A deep drawing steel sheet is conventionally used for forming in which the height of press forming is high, or the shape is complicated, for example, forming automobile components such as an oil pan, etc. As a mechanical property required for this deep drawing steel sheet, it is necessary that the r value (Lankford value, abbreviated to "the r value" hereinafter), particularly the average r value ((r.sub.L +2r.sub.D +r.sub.C)/4 wherein r.sub.L, r.sub.D and r.sub.C indicate r values in the rolling direction, the direction at 45.degree. with the rolling direction and the direction perpendicular to the rolling direction, respectively), is high. It has been considered that when the planar anisotropy of r values .DELTA.r=(r.sub.L +r.sub.C)/2-r.sub.D is low, uniform drawing is possible with high yield. It has also been considered that an effective manner of increasing the r value was to decrease .DELTA.r.
Therefore, conventional development of materials has progressed from this viewpoint, and a lot of effort has been made for this purpose.

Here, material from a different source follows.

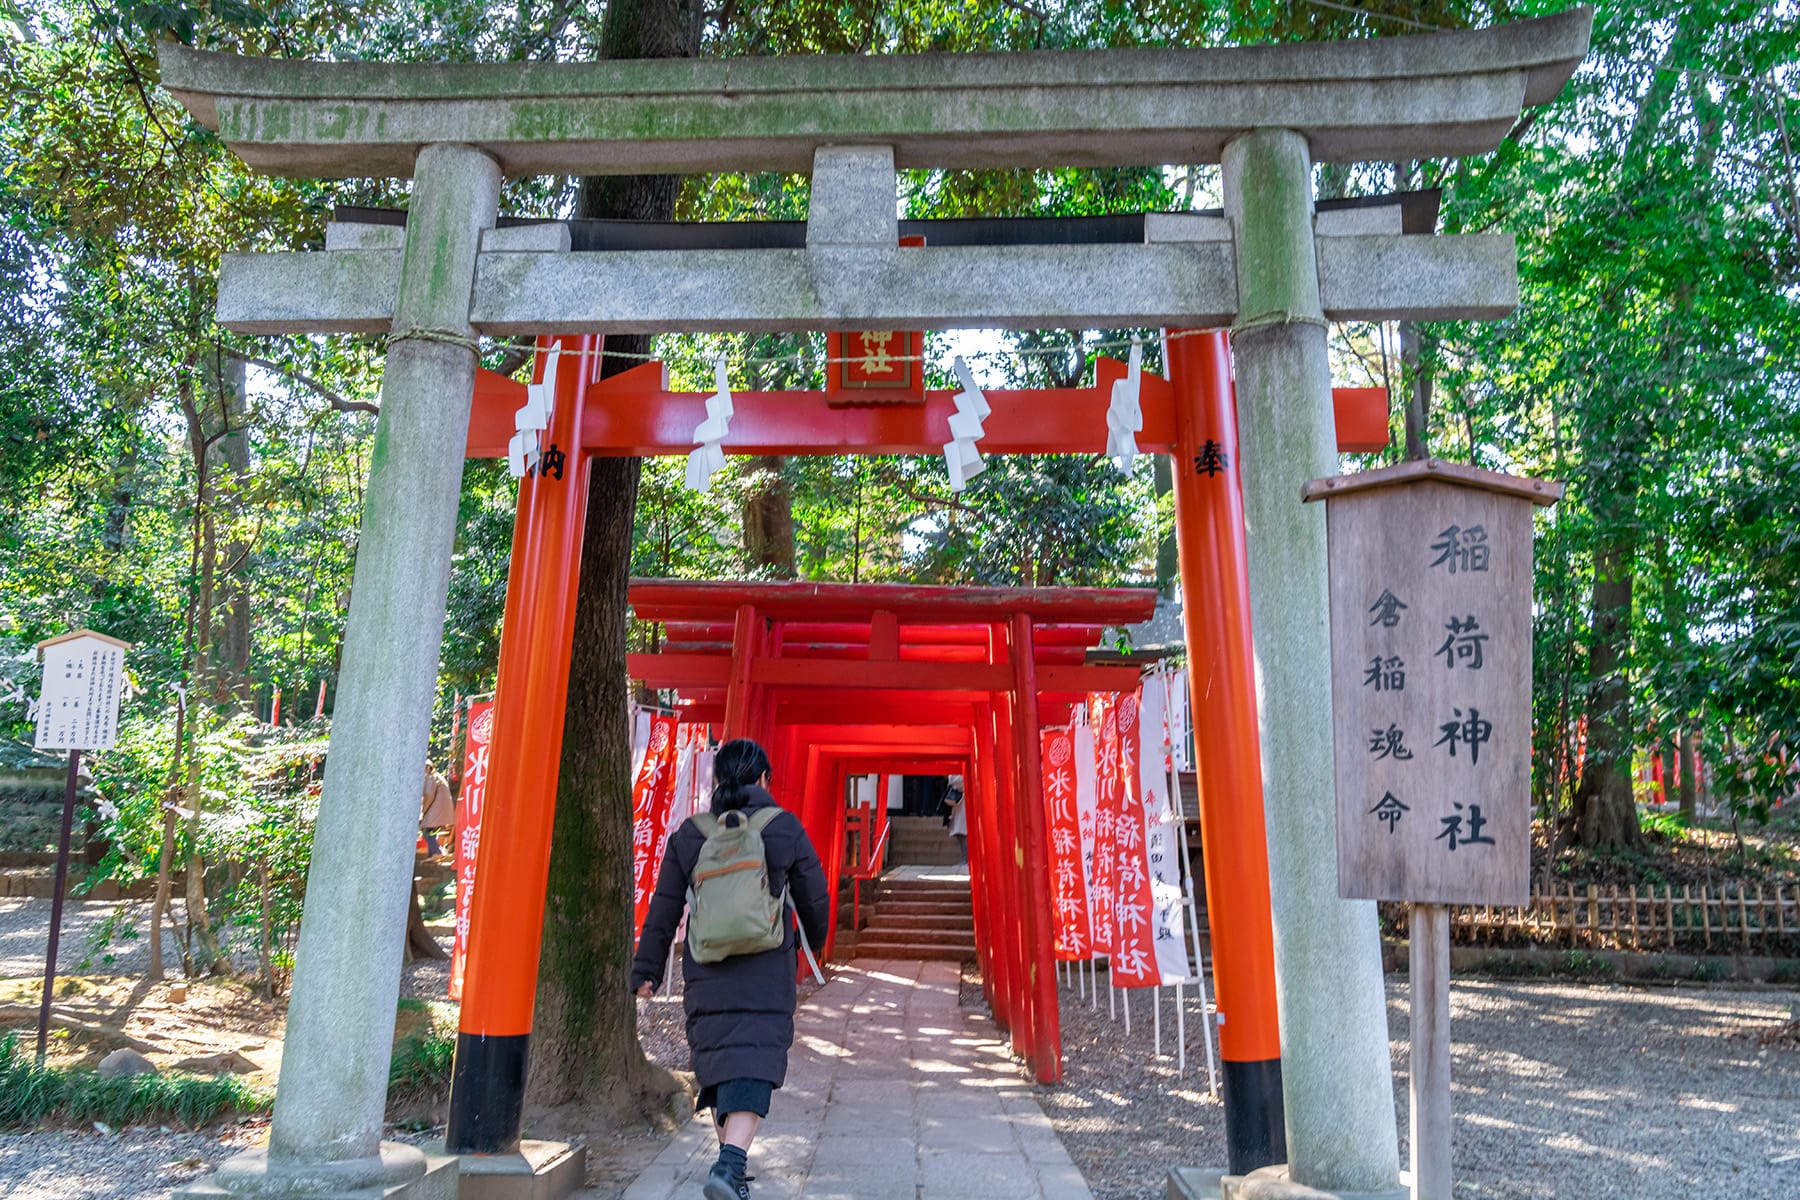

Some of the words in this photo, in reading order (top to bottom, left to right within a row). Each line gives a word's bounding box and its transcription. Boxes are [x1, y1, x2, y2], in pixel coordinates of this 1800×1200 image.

[1194, 439, 1229, 478] 奉
[1363, 588, 1414, 835] 倉稲魂命
[1430, 524, 1497, 850] 稲荷神社

For example, a cold-rolled steel sheet comprising extra low-C steel (C.ltoreq.0.008 wt %) to which a carbide forming element such as Ti, Nb or the like is added has been developed. Further, the technique of obtaining a higher r value, e.g., an average r value of 2.6 or more, by warm lubrication rolling of the extra low-C steel has recently been proposed in, for example, Japanese Patent Unexamined Publication Nos. 64-28325 and 2-47222.
However, even for such a steel sheet having an ultra-high r value, actual rectangular drawing sometimes causes breakage during press forming. "Rectangular drawing" means such asymmetrical drawing deformation as shown in FIG. 3, unlike axially symmetric cupping. In order to avoid such breakage, an attempt has been conventionally made to simply increase the average r value or decrease .DELTA.r on the basis of the thinking that the breakage is due to an insufficient r value, and a lot of effort has been made to further improve the steel sheet production process. However, the breakage cannot be effectively prevented yet.

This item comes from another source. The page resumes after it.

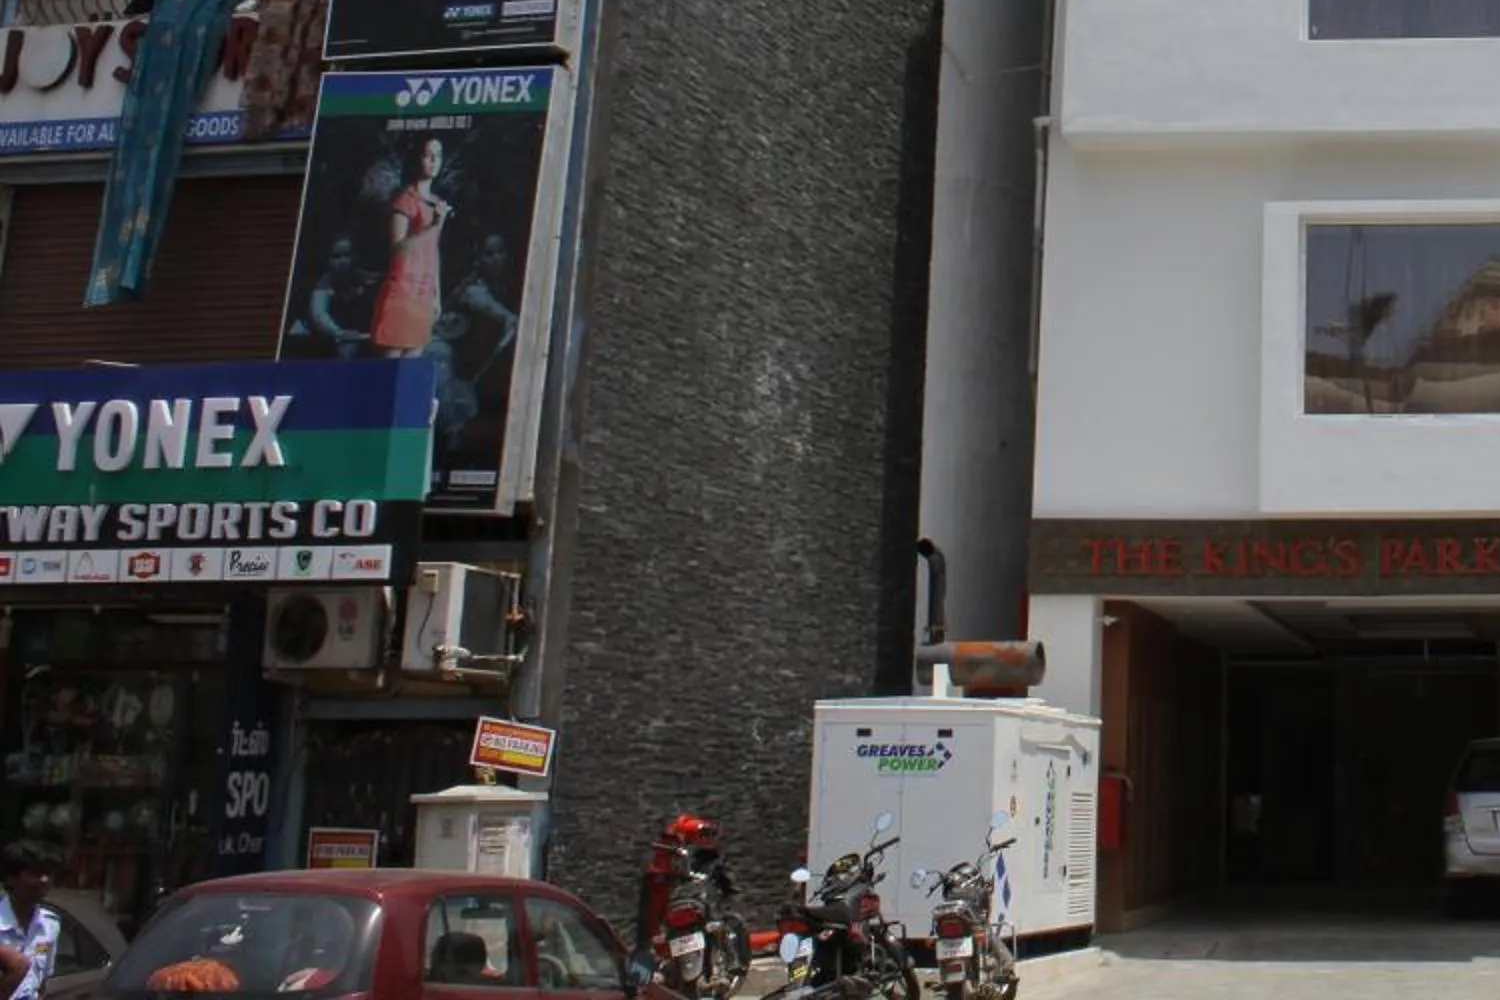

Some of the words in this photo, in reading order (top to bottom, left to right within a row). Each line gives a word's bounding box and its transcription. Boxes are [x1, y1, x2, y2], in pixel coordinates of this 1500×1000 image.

In detailed examination of such breakage portions, not only .alpha. breakage (breakage from a punch shoulder), which is often observed in a normal deep drawability test (cup forming), but also wall breakage, i.e., breakage from an intermediate position of the corner wall, often occur. Such types of breakage do not occur as often in cupping, and can be said to be peculiar to rectangular forming.
There are few researches on wall breakage in rectangular forming, and it is known from, for example, "Plasticity and Working", Vol. 10, No. 101 (1969-6), P. 425, that the occurrence of wall breakage tends to be suppressed by increasing strength and T value (thickness strain at the time of occurrence of breakage in pure bulging), or decreasing the crystal grain diameter.

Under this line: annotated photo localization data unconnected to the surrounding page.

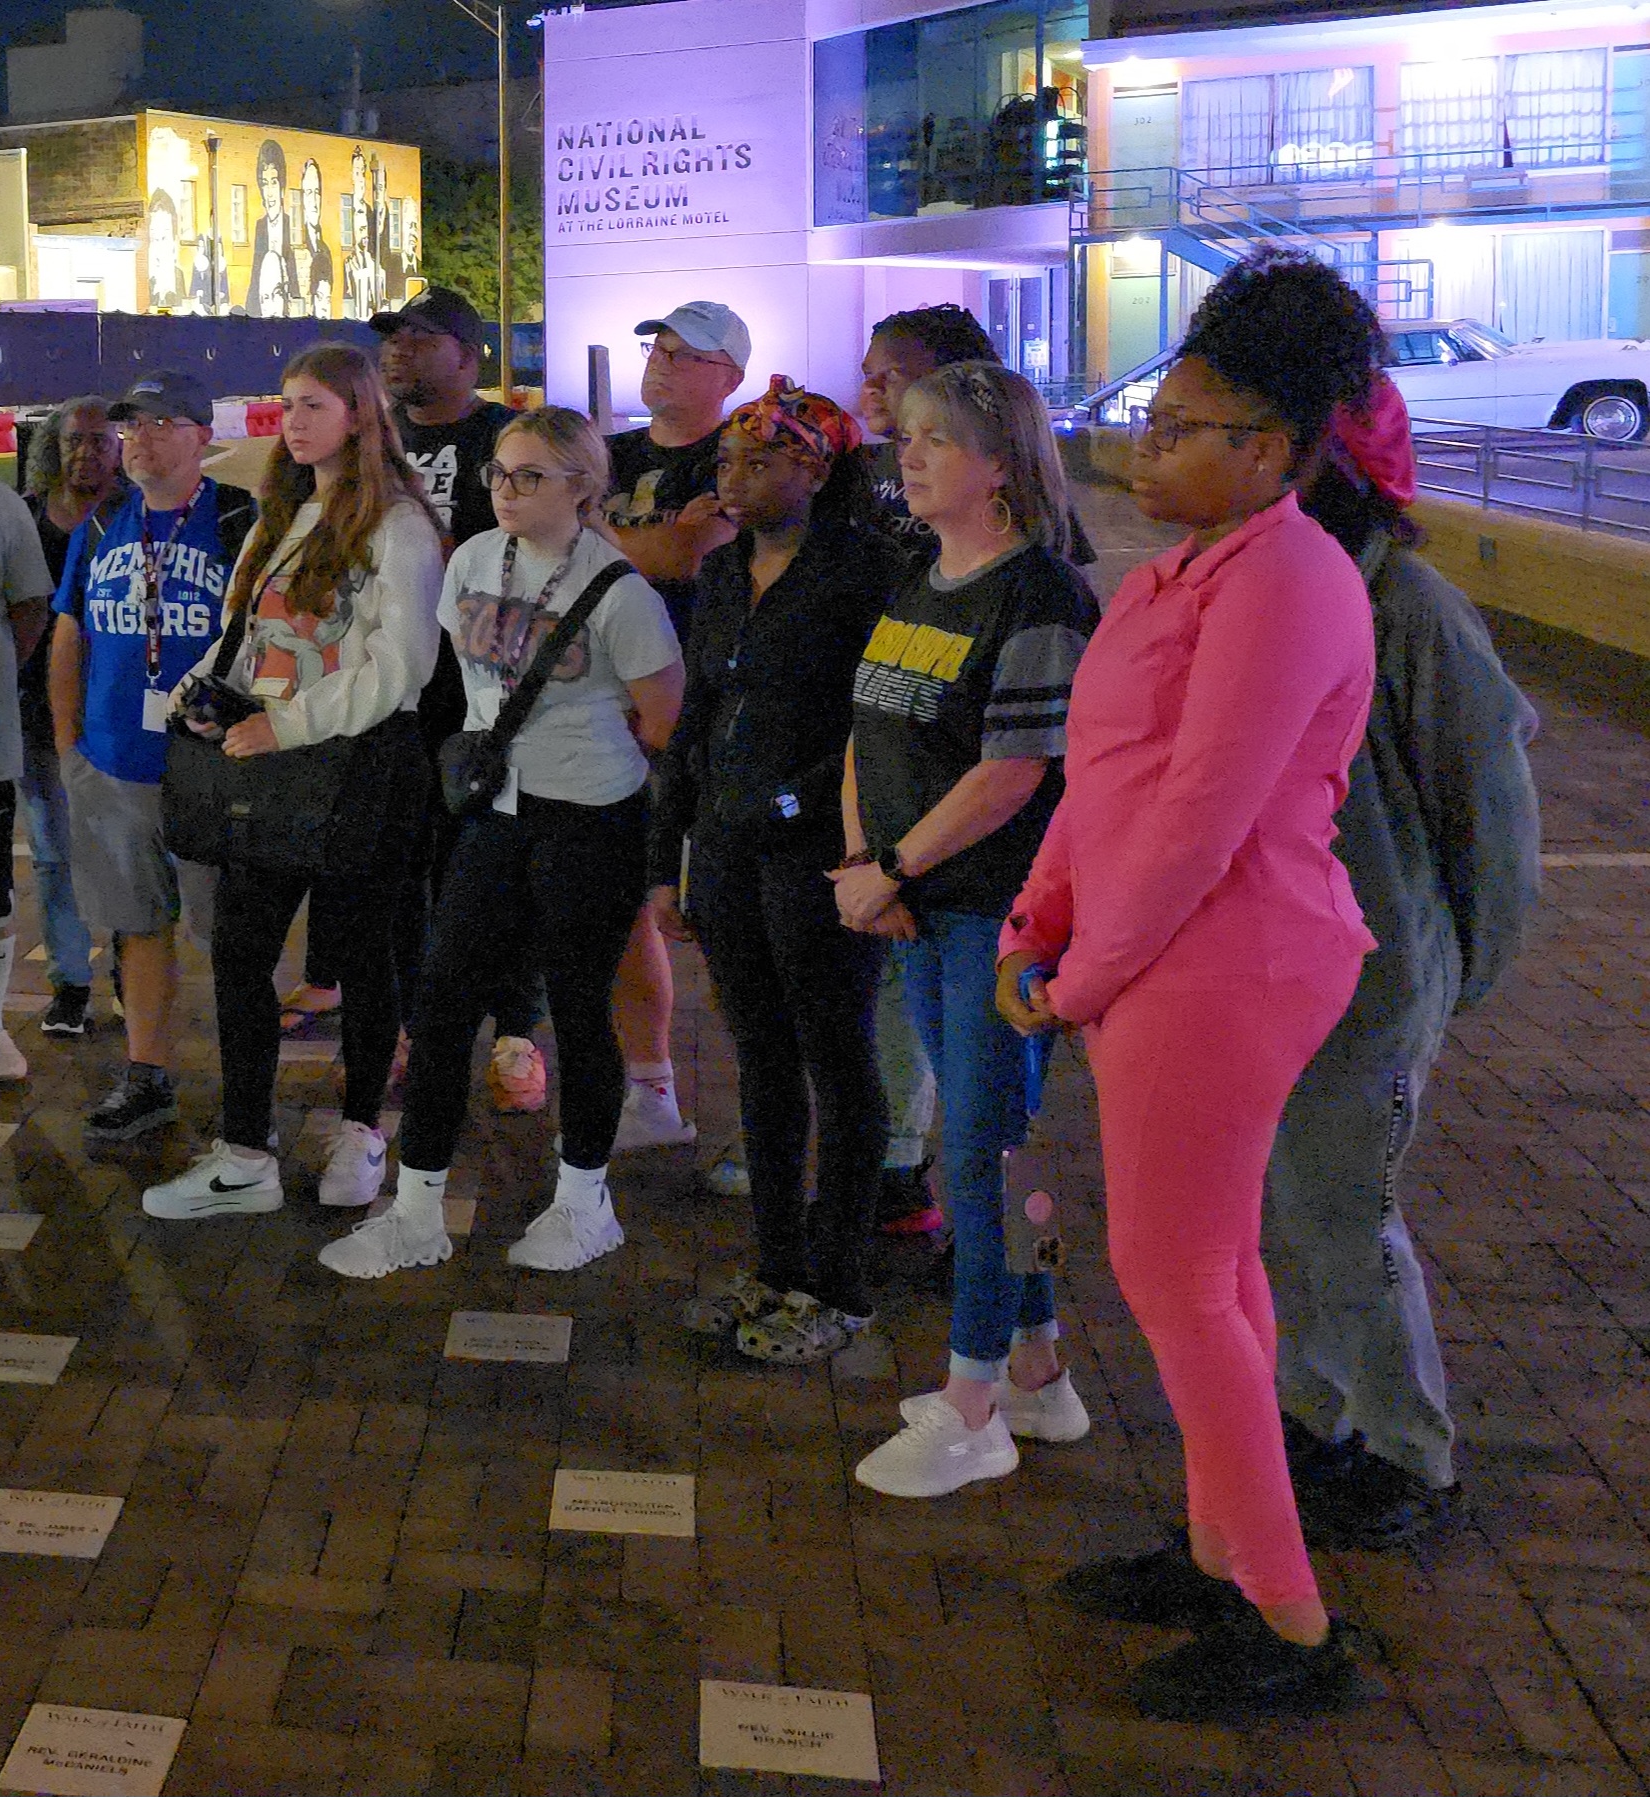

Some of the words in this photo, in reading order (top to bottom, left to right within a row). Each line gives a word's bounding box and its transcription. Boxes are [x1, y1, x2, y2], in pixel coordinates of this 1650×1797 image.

[557, 113, 706, 150] NATIONAL
[558, 154, 633, 182] CIVIL
[642, 143, 751, 176] RIGHTS
[557, 182, 688, 215] MUSEUM
[558, 221, 573, 234] AT
[578, 219, 604, 232] THE
[608, 214, 678, 230] LORRAINE
[682, 211, 730, 225] MOTEL
[177, 591, 201, 601] 1912

However, components such as an oil pan and the like which have a high height of forming are required to have high average r values, and thus have a problem in that it is difficult from the viewpoint of mechanical properties to satisfy a high r value, and high strength and a fine grain diameter, which cause a decrease in the r value. With respect to the T value, there is a problem in that no effective means for increasing the T value is known.
As described above, the fact is that since there are few researches on mechanical properties in such forming as rectangular forming, what factors of a steel sheet affect the wall breakage which occur in rectangular forming have been hardly known yet. Under these conditions, in fact, a steel sheet having mechanical properties suitable for rectangular forming or a production method thereof are hardly investigated.